The global gas shipping market exhibited mixed trends in Week 37, with LNG rates softening slightly amid limited activity. At the same time, LPG freight levels increased due to strong demand and a tight vessel supply, according to the latest update from the Baltic Exchange.

LNG and LPG Market Update

In the LNG segment, rates moved lower across several key routes as muted demand met steady vessel availability. The BLNG1 Australia–Japan route remained unchanged, with 174k cbm vessels at $31,700 per day and 160k units at $18,800 per day. Activity in the Pacific was subdued, keeping available tonnage in the basin at a low level. The BLNG2 US Gulf–Continent route slipped slightly, with 174k cbm ships earning $28,800 per day, while 160k units held steady at $16,300. On the BLNG3 US Gulf–Japan route, 174k vessels eased to $35,400 per day, with smaller units unchanged at $19,700. Period markets also reflected softer sentiment, as six-month and one-year charter rates fell to $36,750 and $40,000 per day, respectively, while the three-year term eased to $54,500 per day.
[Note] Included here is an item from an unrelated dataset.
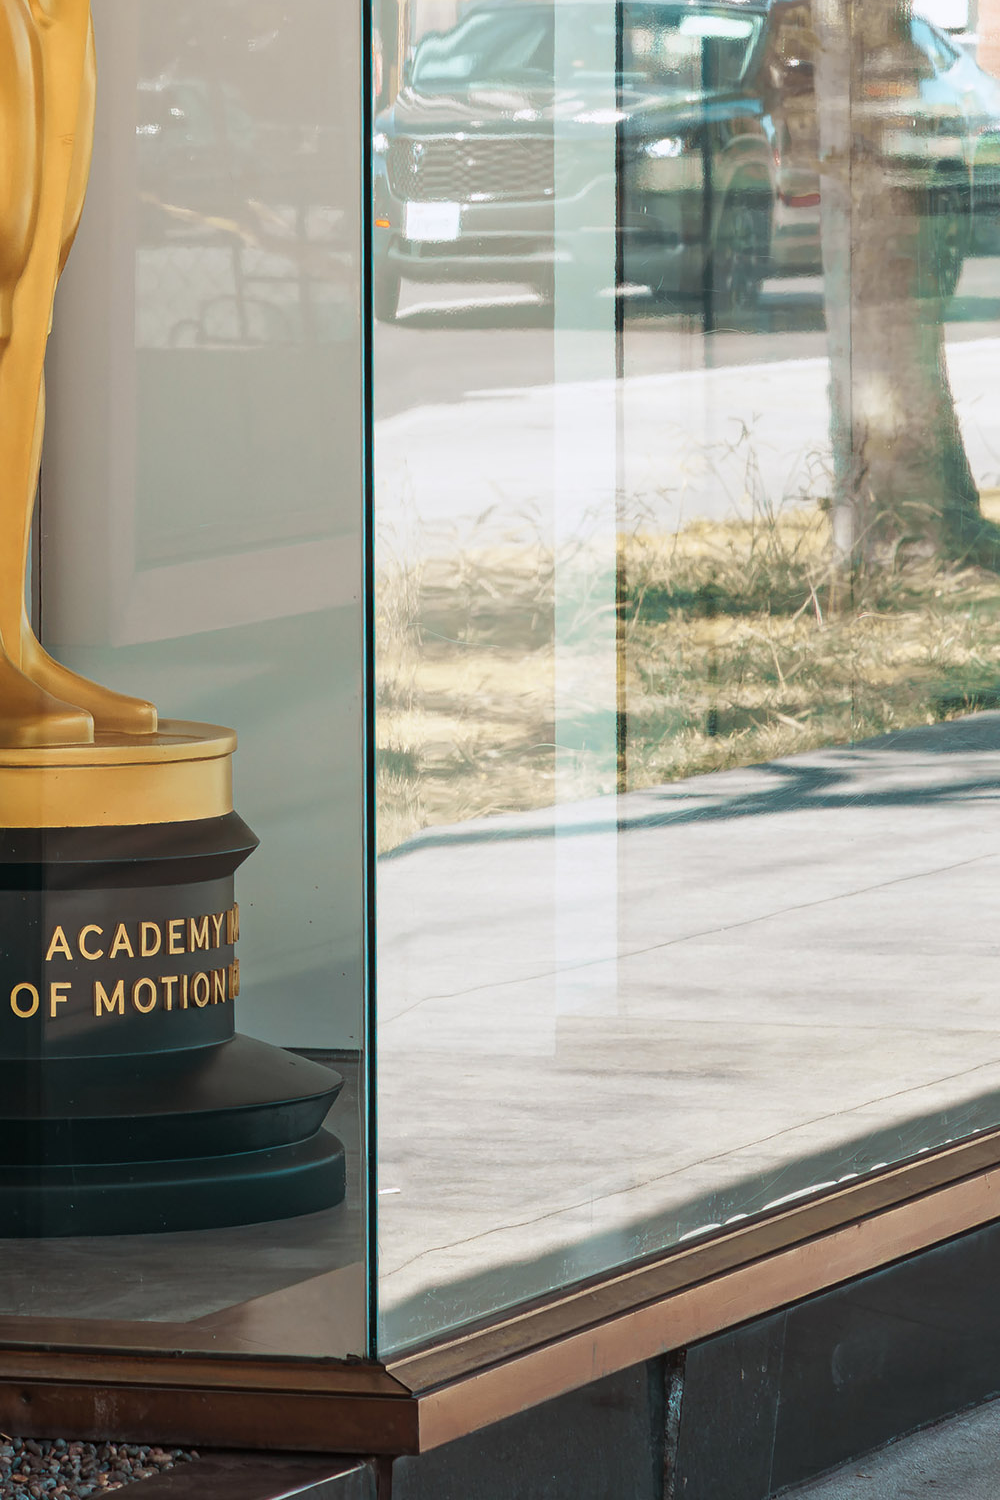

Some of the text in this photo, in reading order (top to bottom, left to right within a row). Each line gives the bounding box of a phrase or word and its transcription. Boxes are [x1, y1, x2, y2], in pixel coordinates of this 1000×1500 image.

The LPG market experienced a strong upswing, driven by a surge in new cargoes and a tight tonnage list. The BLPG1 Ras Tanura–Chiba route gained $3.50 to $78.50 per metric tonne, boosting TCE earnings to $65,805 per day. On the BLPG2 Houston–Flushing route, rates surged $8.75 to $85.00 per metric tonne, with earnings climbing to $97,620 per day, driven by active US Gulf exports. The BLPG3 Houston–Chiba route also advanced sharply, with rates rising to $154.33 per metric tonne and TCE earnings strengthening to $79,353 per day, reflecting firm US–Asia flows and limited vessel supply.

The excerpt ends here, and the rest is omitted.